- [Exercise]: Repeat every record exactly as written, but leave out the pictures.

- [Raw data]:
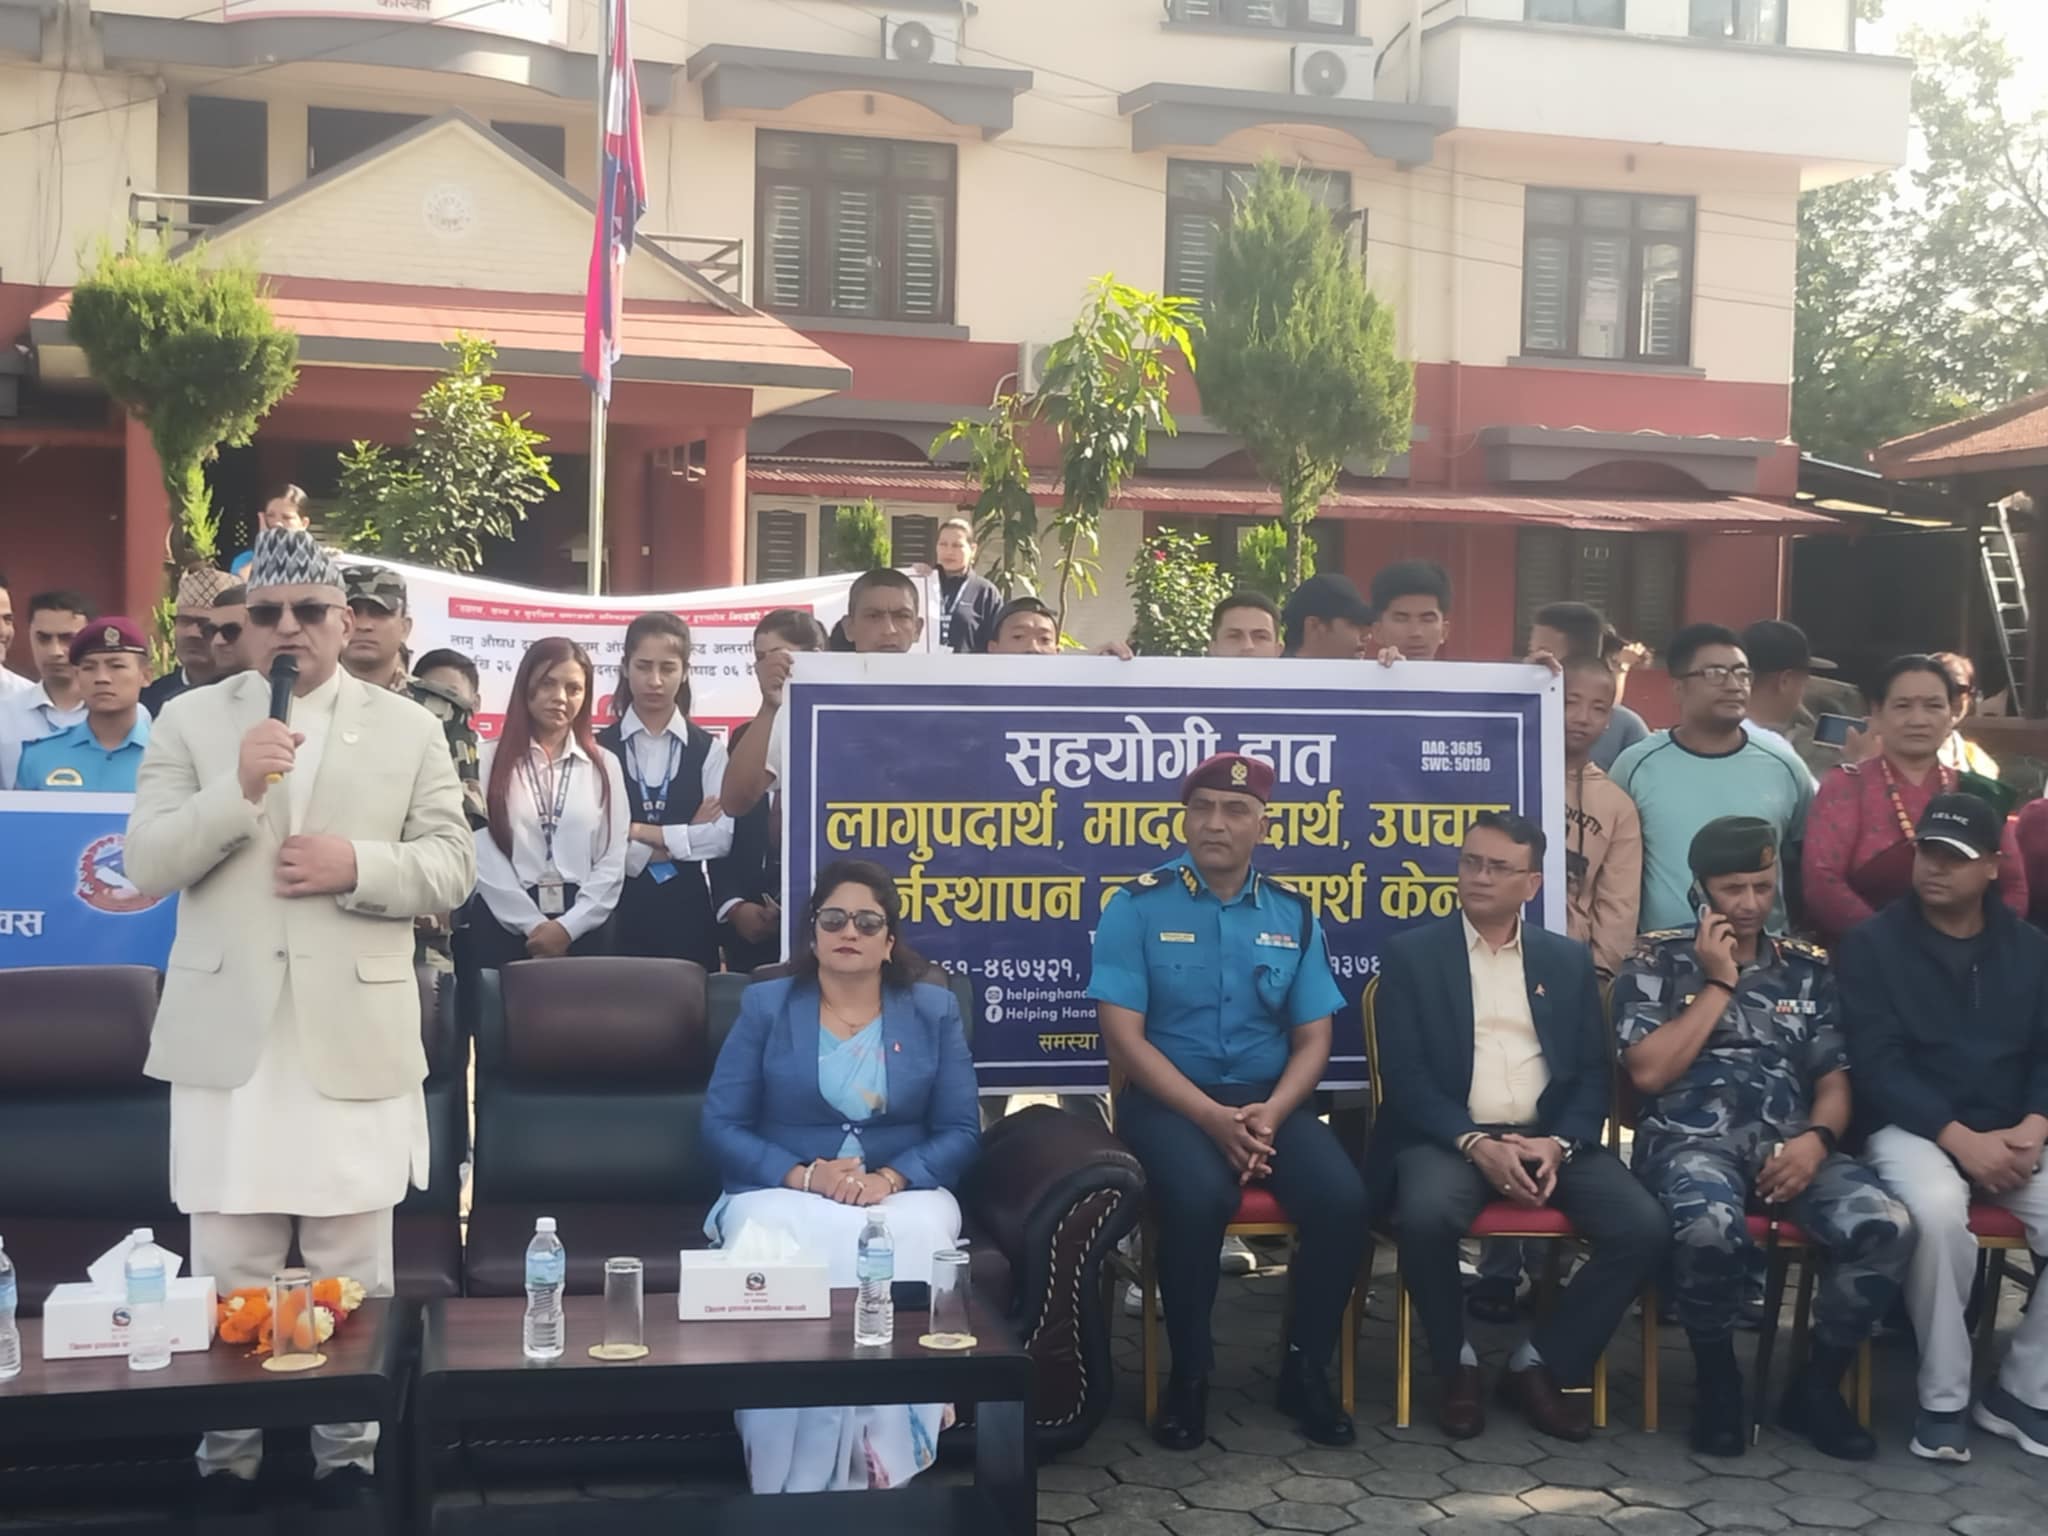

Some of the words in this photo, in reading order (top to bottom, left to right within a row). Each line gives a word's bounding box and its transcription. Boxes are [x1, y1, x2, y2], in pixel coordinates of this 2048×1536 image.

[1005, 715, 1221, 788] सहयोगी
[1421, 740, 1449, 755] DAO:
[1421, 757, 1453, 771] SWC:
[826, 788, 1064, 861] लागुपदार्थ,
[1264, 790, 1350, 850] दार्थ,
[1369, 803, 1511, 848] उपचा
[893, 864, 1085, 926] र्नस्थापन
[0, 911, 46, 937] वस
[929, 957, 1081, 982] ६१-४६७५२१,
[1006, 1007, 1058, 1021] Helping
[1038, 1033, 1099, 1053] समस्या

- [Solved problem]:
Some of the words in this photo, in reading order (top to bottom, left to right within a row). Each line gives a word's bounding box and its transcription. Boxes are [x1, y1, x2, y2], in pixel coordinates of this 2048×1536 image.

[1005, 715, 1221, 788] सहयोगी
[1421, 740, 1449, 755] DAO:
[1421, 757, 1453, 771] SWC:
[826, 788, 1064, 861] लागुपदार्थ,
[1264, 790, 1350, 850] दार्थ,
[1369, 803, 1511, 848] उपचा
[893, 864, 1085, 926] र्नस्थापन
[0, 911, 46, 937] वस
[929, 957, 1081, 982] ६१-४६७५२१,
[1006, 1007, 1058, 1021] Helping
[1038, 1033, 1099, 1053] समस्या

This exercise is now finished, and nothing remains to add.